The study, led by Kansas State University researcher Richard Rosenkranz, was carried out on a sample of 63,048 Australian men aged 45-65.
The men were asked to report the number of hours they spent sitting down, as well as whether they had any chronic diseases.
They were put into groups according to their daily sitting time, of either: less than four hours, four to six hours, six to eight hours, or more than eight hours.
Men who sat for more than four hours a day were at a significantly increased risk of developing chronic disease compared to those who sat for less than four hours. The prevalence of chronic diseases climbed up as the number of hours the participants spent sat down increased. Those who sat for more than six hours a day were at a particularly high risk of diabetes.

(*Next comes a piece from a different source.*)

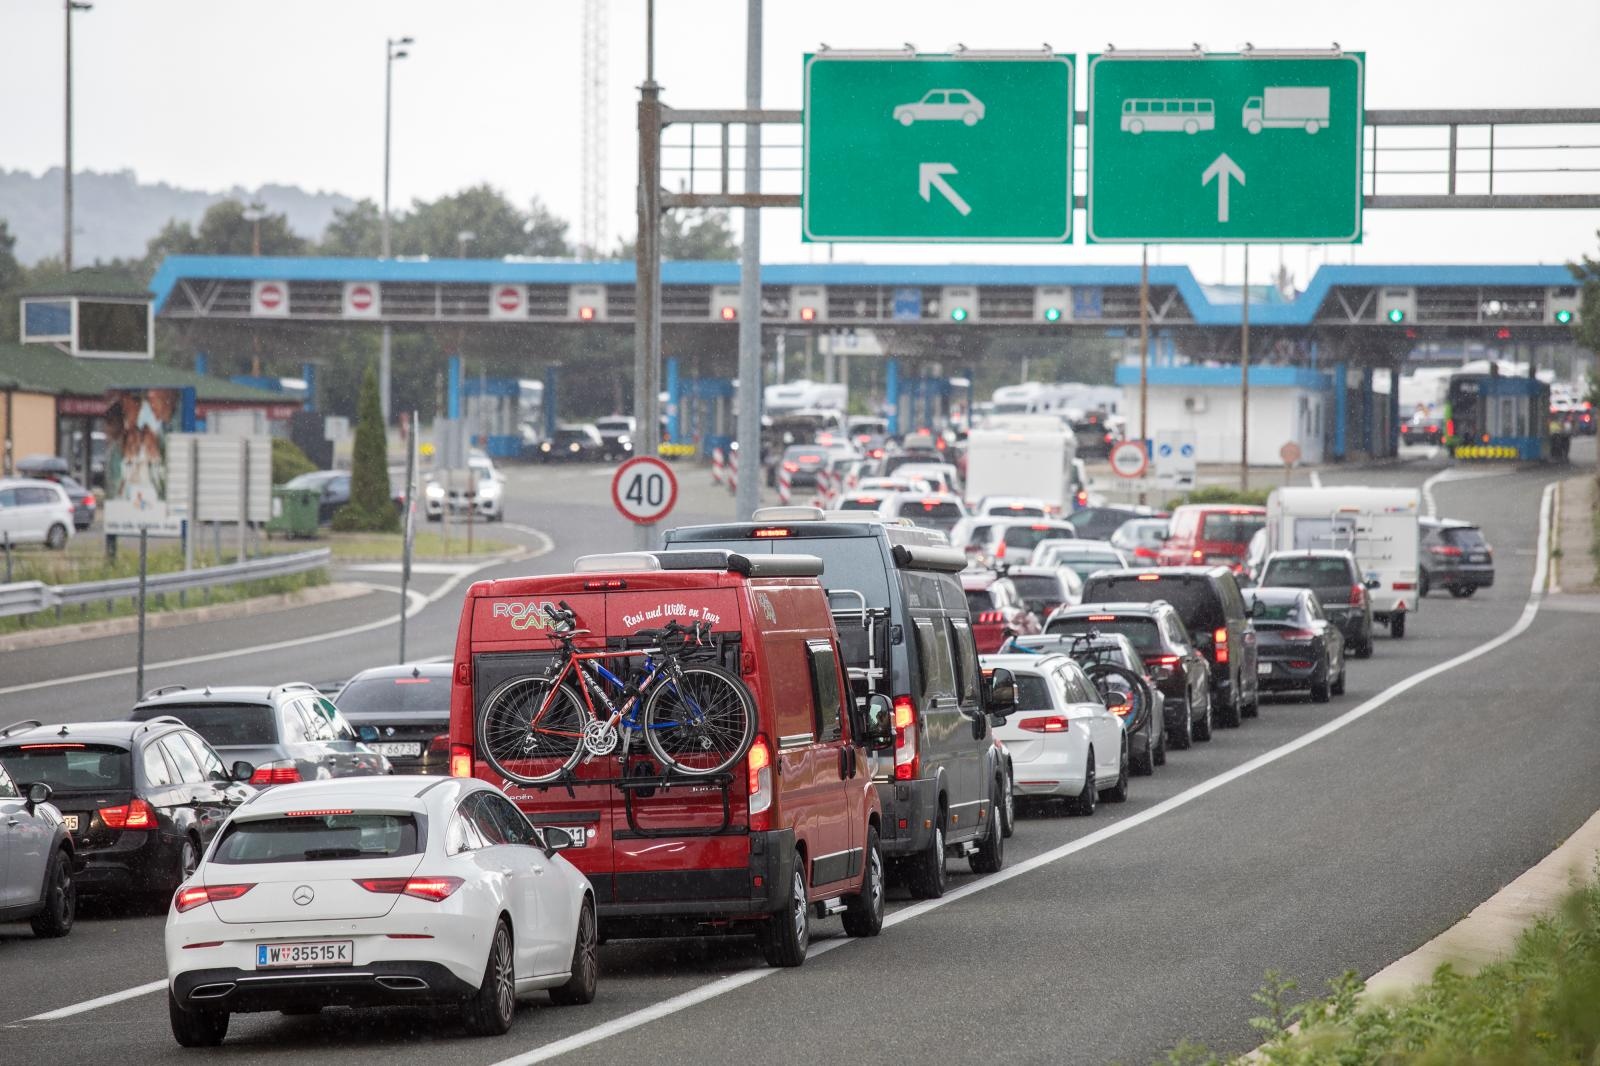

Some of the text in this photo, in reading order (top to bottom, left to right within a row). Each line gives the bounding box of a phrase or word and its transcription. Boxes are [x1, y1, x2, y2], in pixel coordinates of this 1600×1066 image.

This finding is especially relevant to office workers, who spend the majority of their day sat at their desk.
According to Rosenkranz:
“We know that with very high confidence that more physically active people do better with regard to chronic disease compared with less physically active people, but we should also be looking at reducing sitting. A lot of office jobs that require long periods of sitting may be hazardous to your health because of inactivity and the low levels of energy expenditure.”
In addition, the authors explained that the findings were still consistent among participants of a similar body mass index, income, age, and physical activity level – with those sitting for longer reporting more chronic diseases.
“It’s not just that people aren’t getting enough physical activity, but it’s that they’re also sitting too much. And on top of that, the more you sit, the less time you have for physical activity.”
The investigators explained that they are not sure whether the amount of sitting time was responsible for the development of chronic disease, or if those with chronic diseases were more likely to sit for longer hours.
Rosenkranz concluded: “It’s a classic case of, ‘Which came first: the chicken or the egg?”
However, there is also significant research to suggest that prolonged sitting can indeed increase one’s risk of certain diseases.
Consistent with the findings of this study, a previous investigation published in Diabetologia, which pooled the results of 18 studies involving nearly 800,000 participants, similarly identified that people who sit around for long periods are at a heightened risk of developing type 2 diabetes, heart disease and premature death, regardless of their physical activity.